* _Information supplied_:
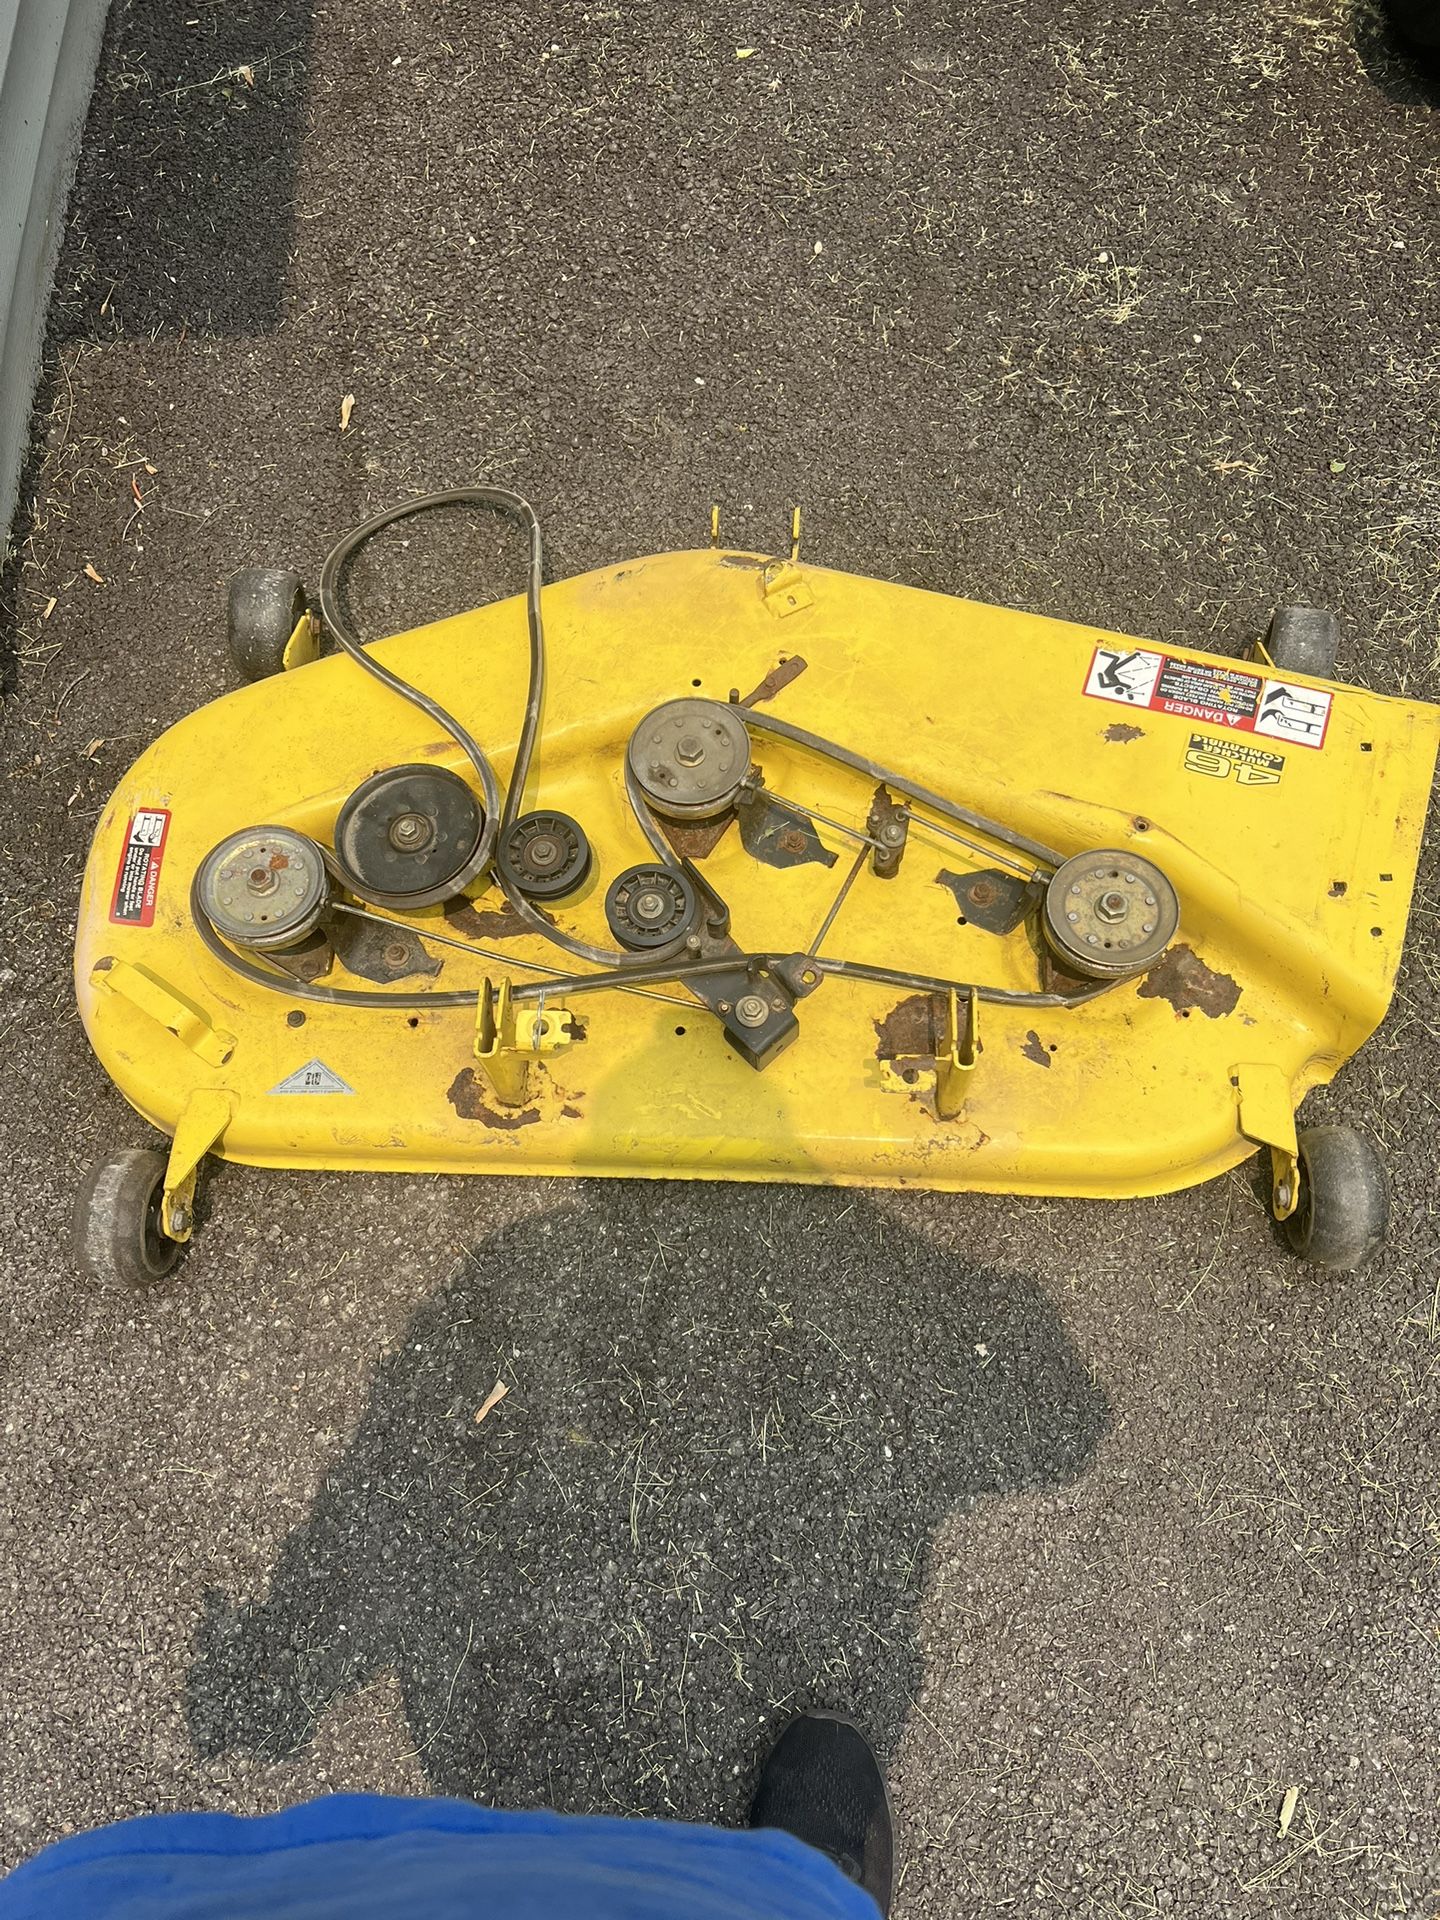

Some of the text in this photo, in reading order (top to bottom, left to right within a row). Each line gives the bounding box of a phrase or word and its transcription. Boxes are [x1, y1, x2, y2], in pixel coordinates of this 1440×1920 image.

[1174, 681, 1209, 693] OBJECTS
[1173, 694, 1199, 704] BLADE
[1200, 700, 1238, 713] ROTATING
[1164, 701, 1223, 723] DANGER
[1193, 734, 1283, 763] COMPATIBLE
[1202, 744, 1269, 767] MULCHER
[1184, 750, 1281, 785] 46
[139, 848, 145, 856] Do
[134, 853, 150, 908] ROTATING BLADE
[146, 871, 157, 906] DANGER

* _Task description_: The expected output is the complete listing, word for word, without any picture.

* _Response to this task_:
Some of the text in this photo, in reading order (top to bottom, left to right within a row). Each line gives the bounding box of a phrase or word and its transcription. Boxes are [x1, y1, x2, y2], in pixel coordinates of this 1440×1920 image.

[1174, 681, 1209, 693] OBJECTS
[1173, 694, 1199, 704] BLADE
[1200, 700, 1238, 713] ROTATING
[1164, 701, 1223, 723] DANGER
[1193, 734, 1283, 763] COMPATIBLE
[1202, 744, 1269, 767] MULCHER
[1184, 750, 1281, 785] 46
[139, 848, 145, 856] Do
[134, 853, 150, 908] ROTATING BLADE
[146, 871, 157, 906] DANGER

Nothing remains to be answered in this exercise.